### Work item
Retype every entry below without pictures.

# # # # # # #

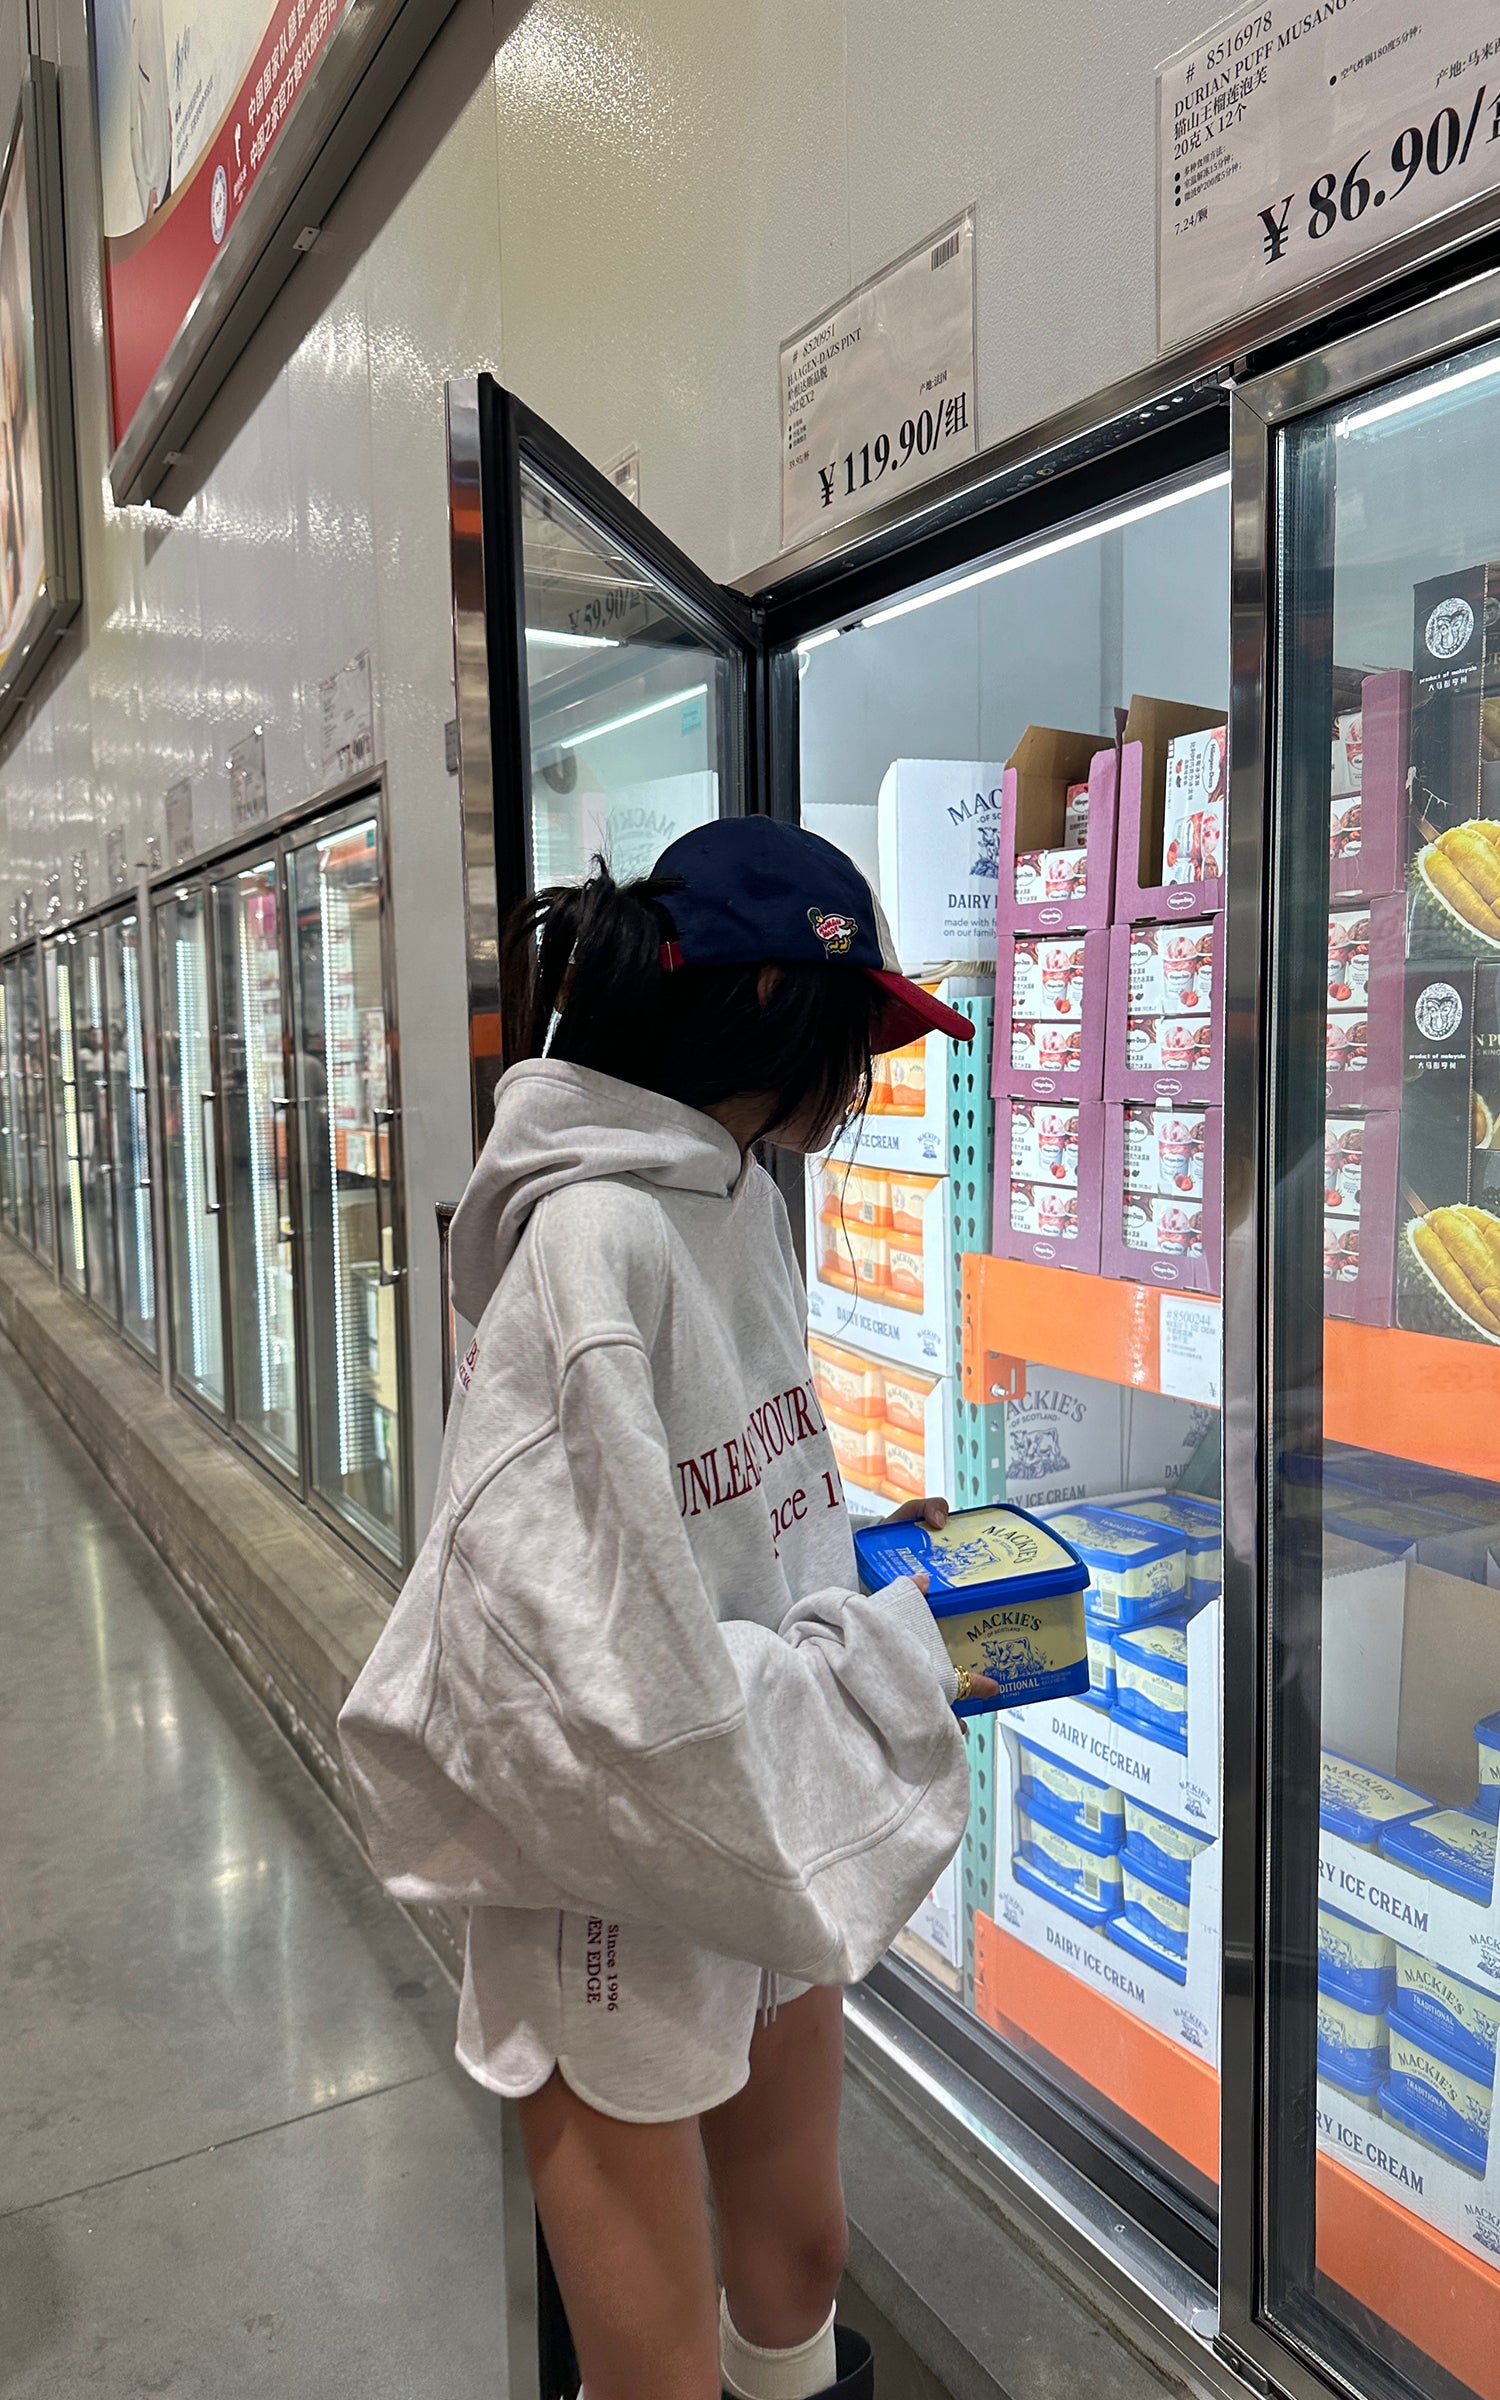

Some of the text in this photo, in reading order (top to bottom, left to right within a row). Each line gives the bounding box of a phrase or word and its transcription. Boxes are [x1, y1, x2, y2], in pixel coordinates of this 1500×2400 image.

[1185, 10, 1273, 84] # 8516978
[1173, 65, 1268, 142] 猫山王榴莲泡芙
[1174, 68, 1232, 119] DURIAN
[1234, 40, 1274, 80] PUFF
[1174, 103, 1247, 160] 20克 X 12个
[1257, 194, 1295, 265] ¥
[787, 328, 862, 387] HAAGEN-DAZS PINT
[817, 462, 837, 508] ¥
[844, 391, 969, 497] 119.90/组
[979, 815, 990, 824] OF
[944, 917, 969, 928] made
[970, 917, 990, 927] with
[948, 893, 991, 909] DAIRY
[943, 929, 955, 937] on
[956, 929, 972, 937] our
[871, 1135, 900, 1150] CREAM
[749, 1385, 819, 1465] YOUR
[1010, 1412, 1058, 1428] OF SCOTLAND
[821, 1471, 847, 1509] 1
[1028, 1491, 1045, 1507] ICE
[1046, 1484, 1086, 1505] CREAM
[966, 1611, 1042, 1643] MACKIE'S
[1052, 1717, 1088, 1749] DAIRY
[1340, 1870, 1365, 1900] ICE
[1369, 1886, 1429, 1932] CREAM
[587, 1951, 602, 2004] EDGE
[607, 1924, 619, 2012] Since 1996
[1046, 1925, 1145, 2004] DAIRY ICE CREAM
[1404, 1968, 1465, 2015] MACKIE'S
[1412, 1993, 1455, 2027] TRADITIONAL
[1397, 2052, 1458, 2101] MACKIE'S
[1406, 2077, 1448, 2112] TRADITIONAL
[1337, 2124, 1363, 2156] ICE
[1367, 2142, 1425, 2196] CREAM
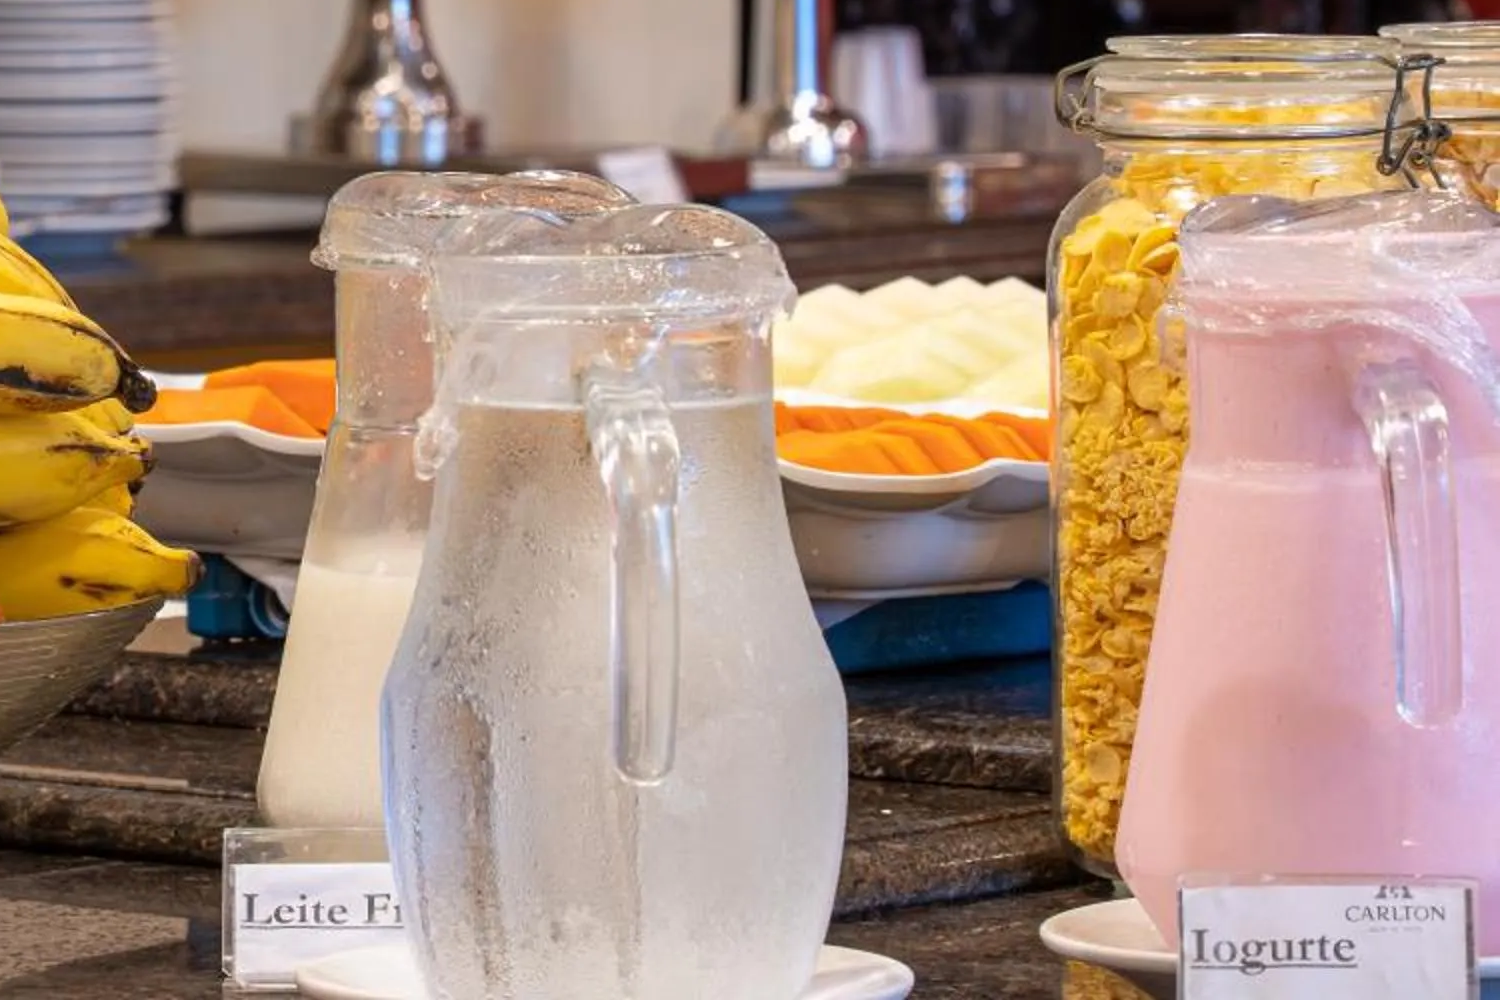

# # # # # # #

### Problem solution
Some of the text in this photo, in reading order (top to bottom, left to right within a row). Each line gives the bounding box of a phrase or word and its transcription. Boxes are [x1, y1, x2, y2], in pixel coordinates of this 1500×2400 image.

[1185, 10, 1273, 84] # 8516978
[1173, 65, 1268, 142] 猫山王榴莲泡芙
[1174, 68, 1232, 119] DURIAN
[1234, 40, 1274, 80] PUFF
[1174, 103, 1247, 160] 20克 X 12个
[1257, 194, 1295, 265] ¥
[787, 328, 862, 387] HAAGEN-DAZS PINT
[817, 462, 837, 508] ¥
[844, 391, 969, 497] 119.90/组
[979, 815, 990, 824] OF
[944, 917, 969, 928] made
[970, 917, 990, 927] with
[948, 893, 991, 909] DAIRY
[943, 929, 955, 937] on
[956, 929, 972, 937] our
[871, 1135, 900, 1150] CREAM
[749, 1385, 819, 1465] YOUR
[1010, 1412, 1058, 1428] OF SCOTLAND
[821, 1471, 847, 1509] 1
[1028, 1491, 1045, 1507] ICE
[1046, 1484, 1086, 1505] CREAM
[966, 1611, 1042, 1643] MACKIE'S
[1052, 1717, 1088, 1749] DAIRY
[1340, 1870, 1365, 1900] ICE
[1369, 1886, 1429, 1932] CREAM
[587, 1951, 602, 2004] EDGE
[607, 1924, 619, 2012] Since 1996
[1046, 1925, 1145, 2004] DAIRY ICE CREAM
[1404, 1968, 1465, 2015] MACKIE'S
[1412, 1993, 1455, 2027] TRADITIONAL
[1397, 2052, 1458, 2101] MACKIE'S
[1406, 2077, 1448, 2112] TRADITIONAL
[1337, 2124, 1363, 2156] ICE
[1367, 2142, 1425, 2196] CREAM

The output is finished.